Survey: Texans Say Rebuilding Is Stalled
Roughly three out of four Texans in disaster-hit communities say rebuilding has been a struggle, according to local coverage of a statewide snapshot of long-term recovery. As reported by Houston Public Media, about 75% of residents in affected areas described long-term recovery as difficult, and a national poll commissioned by The Home Depot Foundation found that more than half of people trying to rebuild said the process dragged on longer than they expected. The foundation’s release, based on a Morning Consult survey of 6,348 adults, points to shortages of skilled labor as a leading reason those projects slow to a crawl.
Foundation Expands Training, Says Labor Is The Bottleneck
“The lack of available labor is one of the primary issues,” Erin Izen, executive director of The Home Depot Foundation, said in the foundation’s announcement, which laid out a plan to expand its Path to Pro grants so more trades training reaches K-12 schools and community colleges. The foundation and its partners say the aim is to build a much larger pool of credentialed workers so communities can shift from debris piles to full-scale rebuilding more quickly. Details of the program rollout and grants were outlined in the foundation’s January release.

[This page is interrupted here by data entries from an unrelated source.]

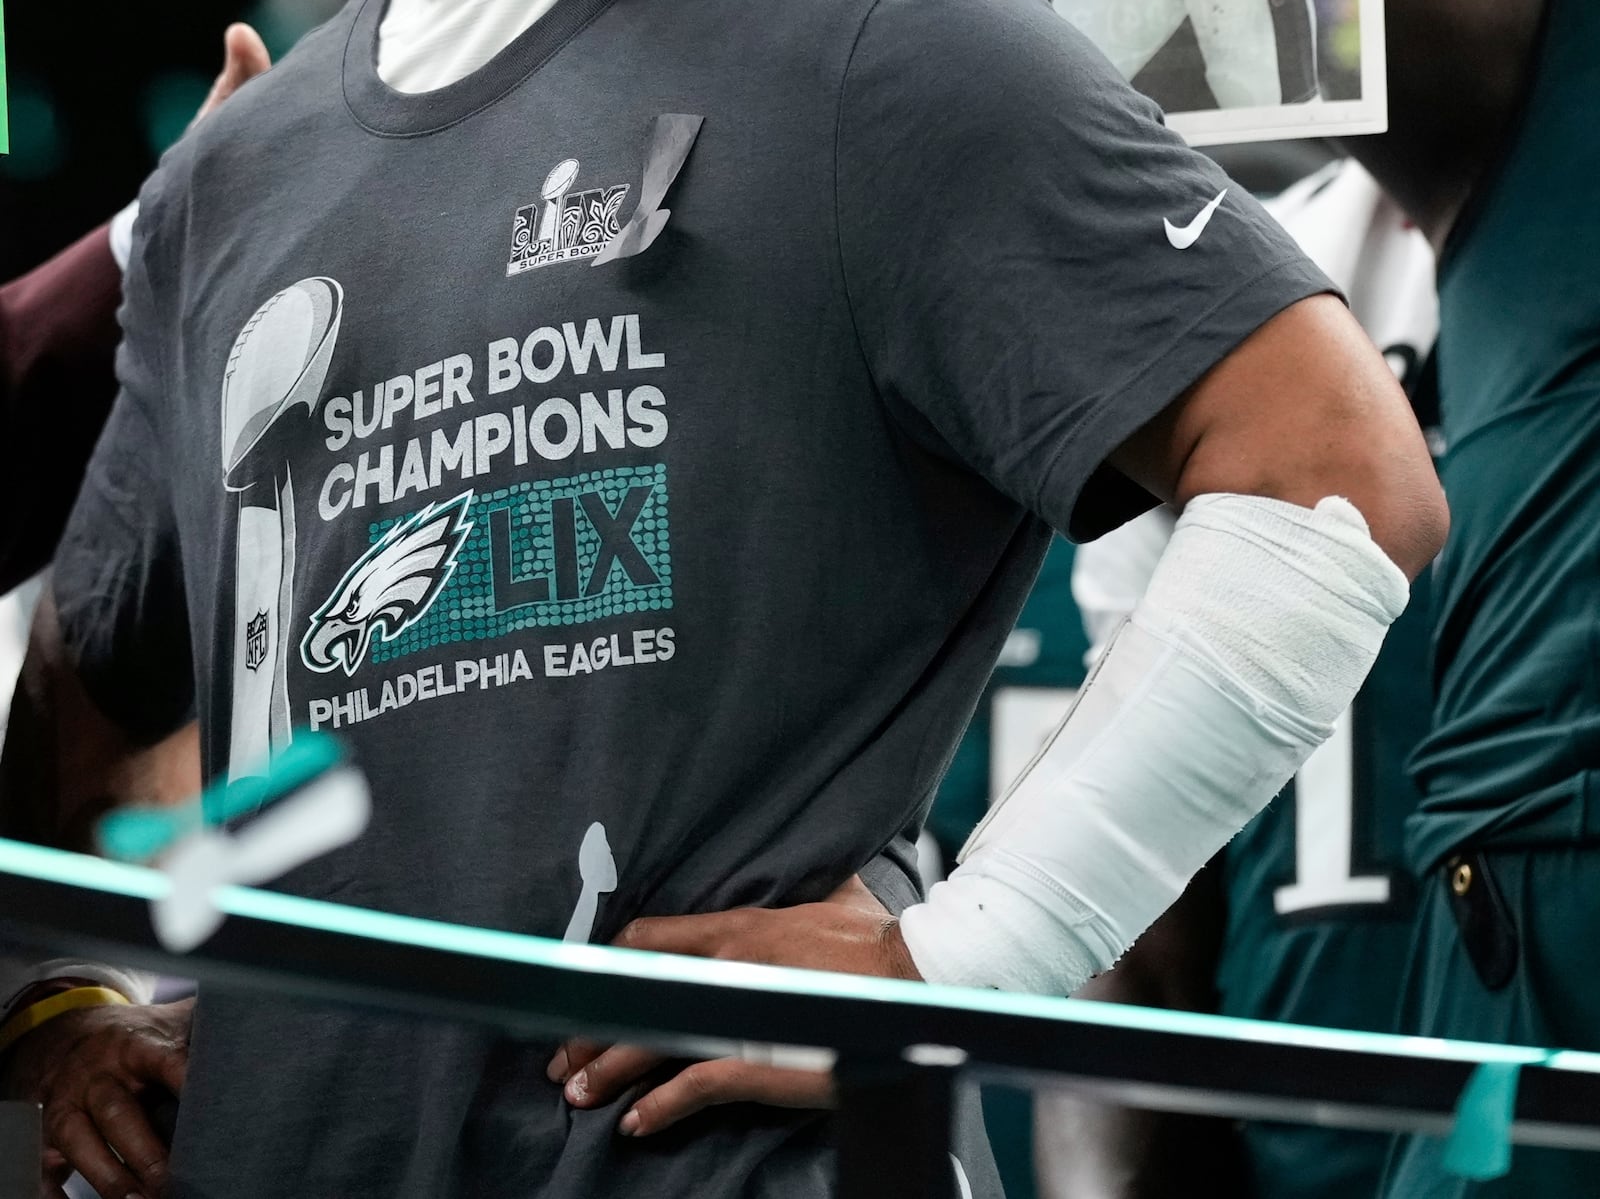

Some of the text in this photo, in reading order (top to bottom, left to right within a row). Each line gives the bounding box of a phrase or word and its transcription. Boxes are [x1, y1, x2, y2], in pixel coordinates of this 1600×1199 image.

[519, 251, 564, 270] SUPER
[324, 314, 666, 452] SUPER BOWL
[317, 385, 669, 522] CHAMPIONS
[486, 484, 665, 614] LIX
[247, 634, 265, 665] NFL
[308, 627, 676, 732] PHILADELPHIA EAGLES
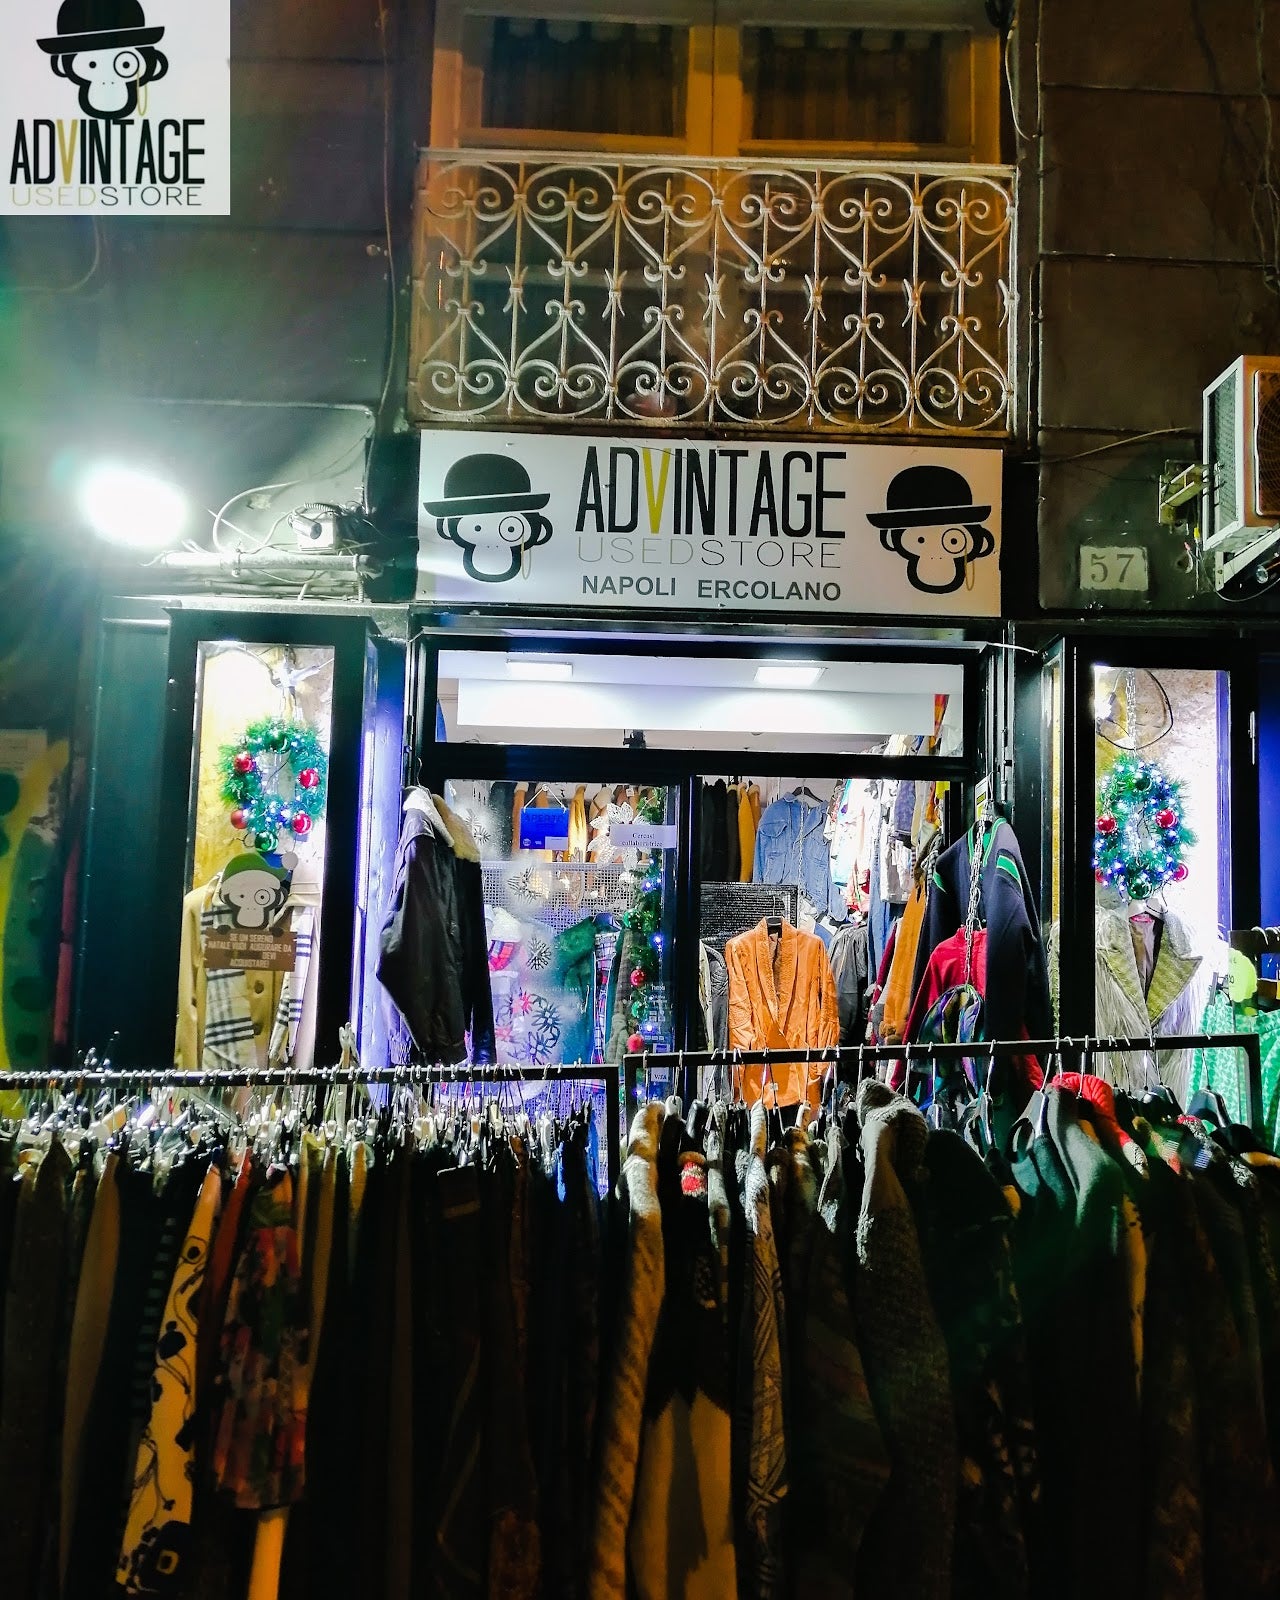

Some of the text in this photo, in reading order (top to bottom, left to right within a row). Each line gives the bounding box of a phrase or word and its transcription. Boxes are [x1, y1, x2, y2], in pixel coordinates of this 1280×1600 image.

Enforcement, Fear And Demographics Shrink The Pool
In Texas, the shortage is magnified by recent immigration enforcement actions that have rattled many of the crews who do a large share of trade work. Reporting by the Houston Chronicle describes detentions and raids that pushed workers to abandon jobs or leave the region altogether, and industry groups say those departures thin out a labor market that was already stretched. National figures show immigrants are heavily represented in construction work, with roughly one in three workers in construction and extraction jobs born outside the United States. That helps explain why enforcement actions and policy uncertainty flow straight into longer rebuilding timelines, according to an analysis by the Economic Policy Institute.
Builders And Trainers Push For Policy And Investment
Industry leaders and workforce trainers told local reporters that fear of detention has pushed some experienced tradespeople out of the workforce or out of the country, just as demand for their skills spikes. Groups including the Home Builders Institute have called for matching that reality with investment in alternatives to four-year college paths. Their push for more trades funding, sturdier apprenticeship pipelines and clearer legal routes for seasoned immigrant workers kept surfacing in coverage of the survey and broader recovery troubles. Officials quoted in that reporting say a wave of retirements, limited interest among younger workers and ongoing immigration uncertainty are coming together into a tight bottleneck that money alone, without policy and training shifts, will not clear.
What Programs Are Trying To Fix The Gap
To chip away at the gap, The Home Depot Foundation is expanding its Path to Pro Education Grants across the country and backing pilot efforts that give volunteers and veterans formal credentials for disaster response work. Those steps were detailed in a foundation release posted on PR Newswire. Workforce groups and training partners say the added grants and pilot credentialing, along with scholarships and training on active job sites, can move the needle, but the need is so large that it will take years before the backlog truly eases. Trade organizations and workforce developers also argue that long-term school-to-career links are essential, since one-off bursts of funding tend to fade long before the worker shortage does.
Backlog, Costs And A Long Road Ahead
Experts warn that the shortage is more than an annoying scheduling problem. Fewer workers mean higher costs and a slower housing recovery that could last for months or even years. The Bureau of Labor Statistics’ Job Openings and Labor Turnover Survey counted about a quarter-million open construction jobs in early 2025, while industry models from the Associated Builders and Contractors estimate annual net new-worker needs in the hundreds of thousands, including roughly 439,000 in 2025 alone, to keep up with demand. At the same time, the National Center for Construction Education and Research has pointed out that about four in ten current workers are likely to retire by 2031. Taken together, those trends are why trainers and builders say policy, immigration and education fixes must move forward at the same time if Texas communities hope to clear the backlog and get rebuilding back on schedule.